Having a Choice

It is so much easier to be a neurodiverse adult then it was to be a neurodiverse child.  But perhaps not for the reasons you think.  For both adults and children, environments are designed for typical people.  Schools and offices, especially, are designed for typical people.  The difference is in your own power.   As a child, you have absolutely no license to choose your environment, to alter your environment, or to “opt out” when you know that the environment will be aversive.   Take lunch, for example.  In my k-12 public school, every day I was thrown into an overcrowded cafeteria that was intolerably loud, with flickering fluorescent lights that gave me a migraine  and overwhelming food smells.  Of course,  worse than that was the social aspect – no one wanted to sit with me, but there was no table where I could read my books (my preferred activity) and just be left alone.  I was stuck sitting with other children who would try their best to bully me away.  Sometimes they would throw food at me, or, on one faithful day in 9th grade, a girl dumped her soda on my head.   But try as I might, and I have a reputation for being rather resourceful, I could not find a way to avoid lunch in the cafeteria.  I tried hiding in the bathroom, I tried wandering the halls looking like I was headed to the office, I tried hunkering down in an alcove.  They always “caught” me and sent me on to lunch, nodding their heads in disbelief. Ultimately I resigned myself to being absent often, and skipping school altogether whenever possible.  That lasted until 12th grade, when I was finally allowed to go off to work right after my morning classes.   Suddenly, I was never absent!

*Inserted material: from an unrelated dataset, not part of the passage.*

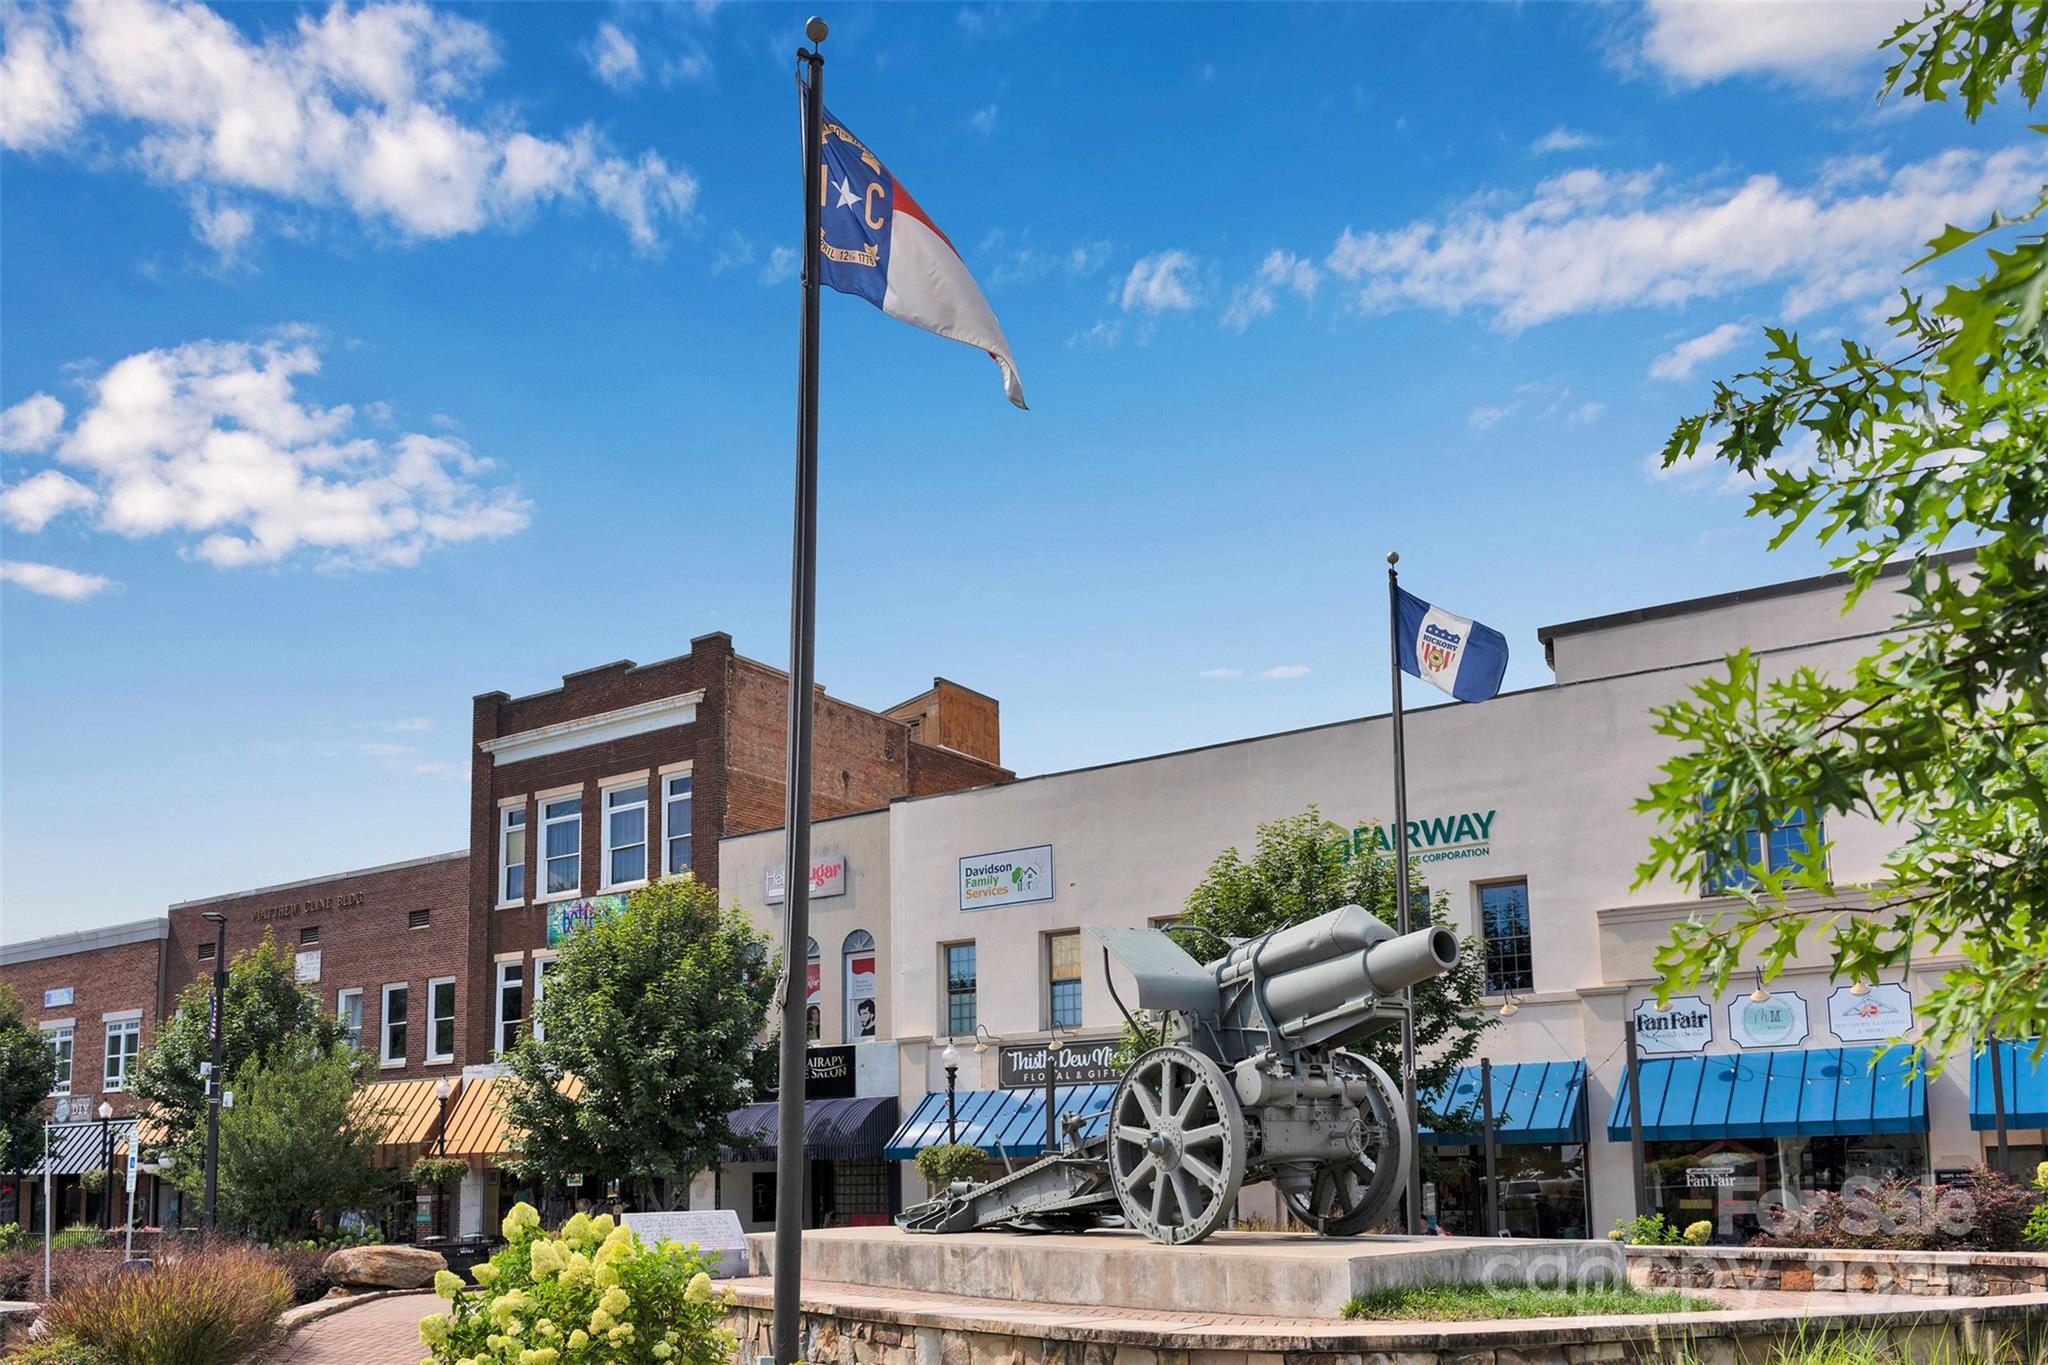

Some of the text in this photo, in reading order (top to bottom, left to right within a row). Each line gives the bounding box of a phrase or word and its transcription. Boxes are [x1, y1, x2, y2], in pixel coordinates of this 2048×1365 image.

Needless to say, when I went to college, living in a large dormitory, I was not eager to visit the cafeteria.  In fact, I chose to not go to the cafeteria once my entire freshman year, despite not having access to anything but a toaster oven in my room.   Sophomore year I went occasionally, but only when a group of friends were going, so I didn’t have to deal with the social aspect.  To this day, I don’t venture into cafeterias, whether it is at a hospital, museum, or even a school, without a shiver of anxiety.  But at least now, I have a choice.